> [REQUIREMENT]
Could you repeat every line below exactly, skipping the images?

- - - - - - -

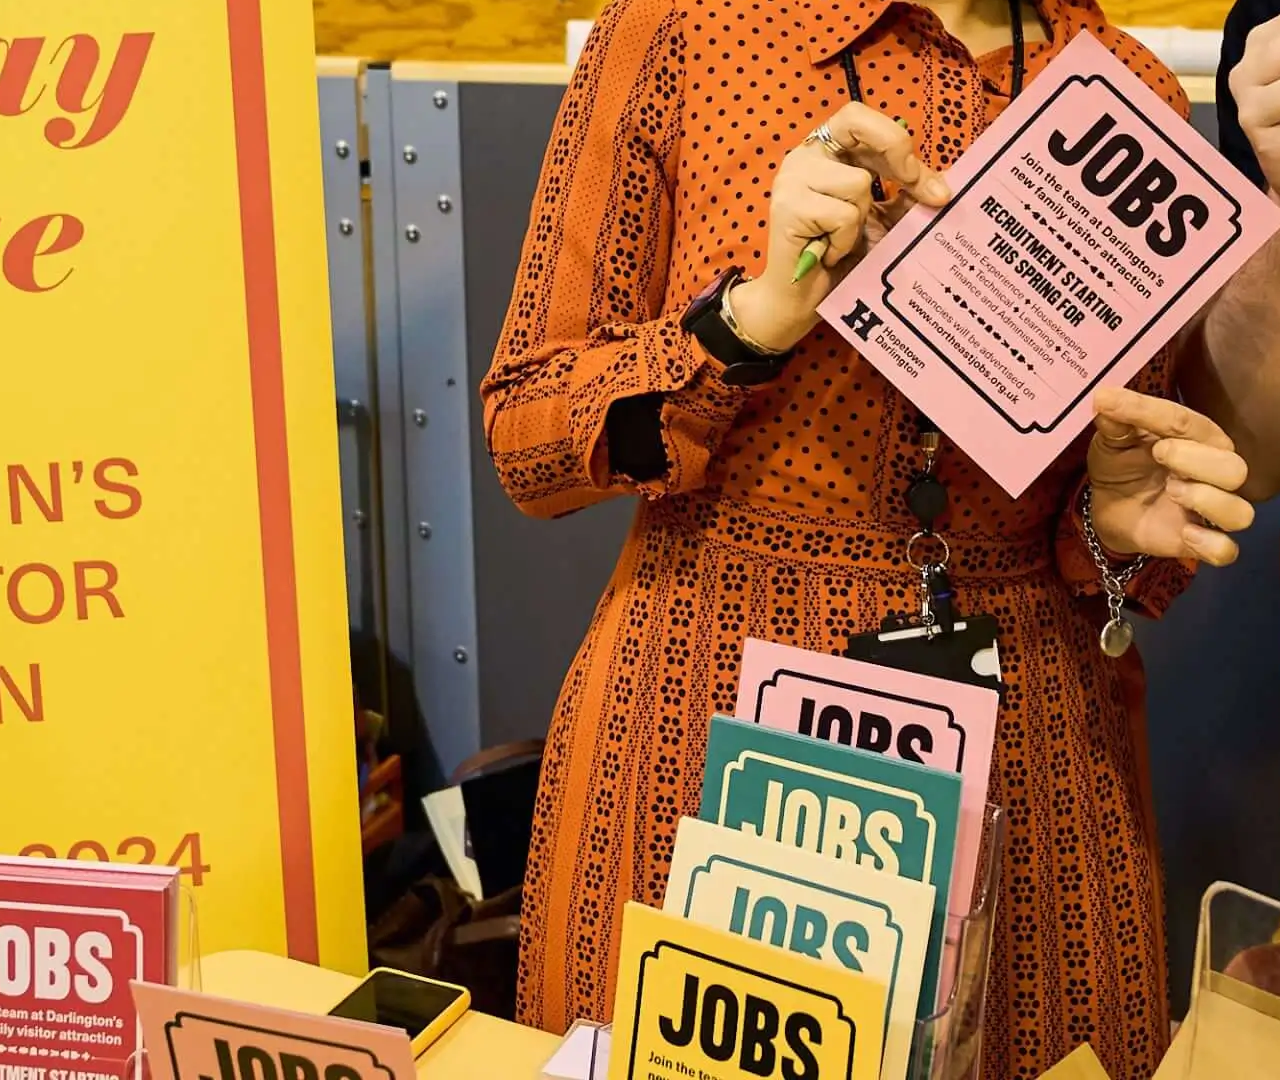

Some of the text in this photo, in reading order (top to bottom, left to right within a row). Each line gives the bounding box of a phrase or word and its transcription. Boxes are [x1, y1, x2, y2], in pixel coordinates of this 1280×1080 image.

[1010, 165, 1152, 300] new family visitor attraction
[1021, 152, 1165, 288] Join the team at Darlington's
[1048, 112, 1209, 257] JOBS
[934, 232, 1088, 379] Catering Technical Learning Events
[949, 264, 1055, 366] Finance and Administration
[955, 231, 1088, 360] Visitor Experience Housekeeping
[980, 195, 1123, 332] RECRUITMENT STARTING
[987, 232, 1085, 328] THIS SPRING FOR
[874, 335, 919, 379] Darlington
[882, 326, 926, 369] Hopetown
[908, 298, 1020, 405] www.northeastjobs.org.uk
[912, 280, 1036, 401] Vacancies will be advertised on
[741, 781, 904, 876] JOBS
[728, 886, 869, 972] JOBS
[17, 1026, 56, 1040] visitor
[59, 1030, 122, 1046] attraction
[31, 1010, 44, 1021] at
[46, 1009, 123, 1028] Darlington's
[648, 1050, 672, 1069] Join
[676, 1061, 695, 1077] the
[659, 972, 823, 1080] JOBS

- - - - - - -

> [ANSWER BOX]
Some of the text in this photo, in reading order (top to bottom, left to right within a row). Each line gives the bounding box of a phrase or word and its transcription. Boxes are [x1, y1, x2, y2], in pixel coordinates of this 1280×1080 image.

[1010, 165, 1152, 300] new family visitor attraction
[1021, 152, 1165, 288] Join the team at Darlington's
[1048, 112, 1209, 257] JOBS
[934, 232, 1088, 379] Catering Technical Learning Events
[949, 264, 1055, 366] Finance and Administration
[955, 231, 1088, 360] Visitor Experience Housekeeping
[980, 195, 1123, 332] RECRUITMENT STARTING
[987, 232, 1085, 328] THIS SPRING FOR
[874, 335, 919, 379] Darlington
[882, 326, 926, 369] Hopetown
[908, 298, 1020, 405] www.northeastjobs.org.uk
[912, 280, 1036, 401] Vacancies will be advertised on
[741, 781, 904, 876] JOBS
[728, 886, 869, 972] JOBS
[17, 1026, 56, 1040] visitor
[59, 1030, 122, 1046] attraction
[31, 1010, 44, 1021] at
[46, 1009, 123, 1028] Darlington's
[648, 1050, 672, 1069] Join
[676, 1061, 695, 1077] the
[659, 972, 823, 1080] JOBS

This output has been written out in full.